Between January and May 2007, travellers in the region will not be required to have their documents processed to clear customs and immigration once they are journeying from any of the nine host venue countries or Dominica, created as an isolated "single domestic space".
And according to Derek Jones, senior legal council for ICC CWC 2007, the landmark achieved by the regional leaders could be the "most important" legacy at the conclusion of the event, once they have passed the test for the hassle-free movement of the people around these 10 countries.
"I'm surprise by the lack of coverage of what to me is probably the most single most important political development in this region in my lifetime," Jones said. "We have been talking about Federation, from I was a little boy, CARICOM, CSME and so on and so forth... this has happened because of cricket, and because of the power of cricket and what it means to us in this part of the world."
Jones, who was speaking at a recent Sunset Legislation press briefing at the Jamaica local organising committee's (LOC) headquarters, added: "It is the most important political development, as far as I am concerned, in this region in 50 years. And regardless of anything else, if that became a legacy from the World Cup, I don't think there is anything more important..."
The comments of the ICC CWC 2007 legal council head came after the conclusion of the 27th Conference of Heads of Government of the Caribbean Community (CARICOM) meeting in Bird Rock, St Kitts/Nevis recently.
The West Indies will host the ninth ICC Cricket World Cup between March 11 and April 28 next year.
The hassle-free movement of travellers prior to and during this period has been made possible after the CARICOM heads signed off on the framework on crime and security for hosting the third largest sporting spectacle on the planet.
"This strategy includes the creation of a single domestic space and arrangements for the security of this single space," informed a communiqué released at the conclusion of the July 6 meeting.
"The components of this strategy are: The introduction of a common CARICOM Visa Policy applicable to nationals for 46 countries; an Advance Passenger Information System and Standard Procedures to be applied at Ports of Entry which will allow the pre-clearance of people and goods..."
International visitors will be treated similar once their travel documents have been processed from within the prescribed domestic space.
However, all travellers must travel with the requisite travel documents, in case there is an issue of identification, so as to validate their true identity.
But, it has not been said how soon the CARICOM visas will be available for overseas fans, who are expected to be in the Caribbean for the duration of the tournament.
"A memorandum of intent is to be signed shortly with the Government of the USA with reference to support for the Advance Passenger Information System. In addition, Interpol will shortly be establishing a presence in the region from January 2007.
An aggressive public education programme will be launched shortly to apprise CARICOM nationals and all visitors to the region about these new arrangements," read the official statement.
Meanwhile, Chris Dehring, managing director and chief executive officer for the ICC Cricket World Cup West Indies 2007 Inc, lauded the CARICOM leaders for the initiatives agreed on for security and immigration for the mega event.

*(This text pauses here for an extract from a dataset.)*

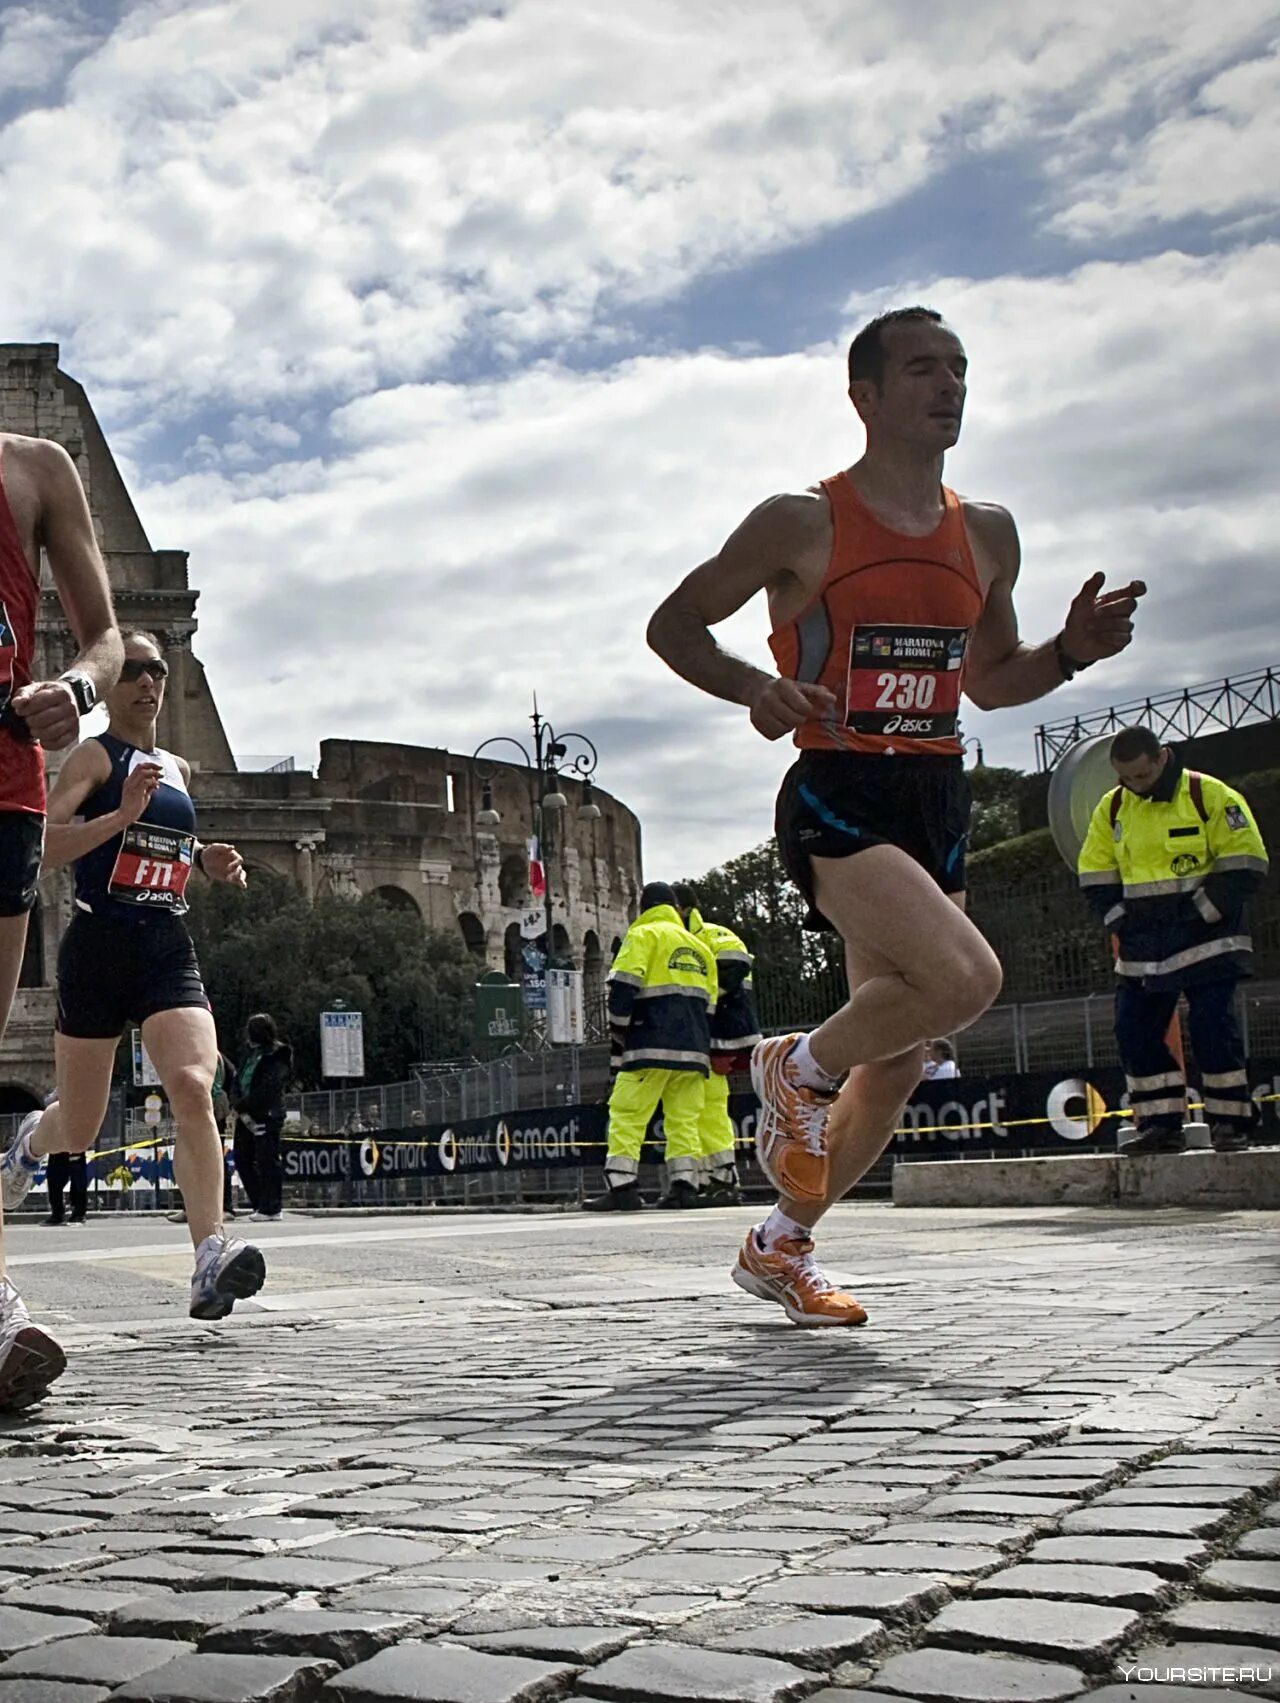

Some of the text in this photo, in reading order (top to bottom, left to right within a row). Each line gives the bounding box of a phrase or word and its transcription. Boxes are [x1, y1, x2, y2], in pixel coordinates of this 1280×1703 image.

"We are very pleased by the steps agreed to by the leaders of CARICOM to ensure the safe and fluid passage of fans throughout the Caribbean during tournament time. As someone who travels the Caribbean often, the thought of being able to simply get off the plane, go through the airport and not wait in an immigration line for processing is mind-blowing. This is an historic day for the region," Dehring was quoted as saying in a report posted on the website of the official event.
"This is something we have been working towards as we know it will definitely ease the flow of people going to matches around the Caribbean and remove a major obstacle. Everyone should be able to move around with less hassle," added Dehring, who was also in the St Kitts and Nevis meeting with the regional heads. "Of course, it is a courageous step because if it works well for the event, Caribbean people may well decide that is how they want it to be forevermore."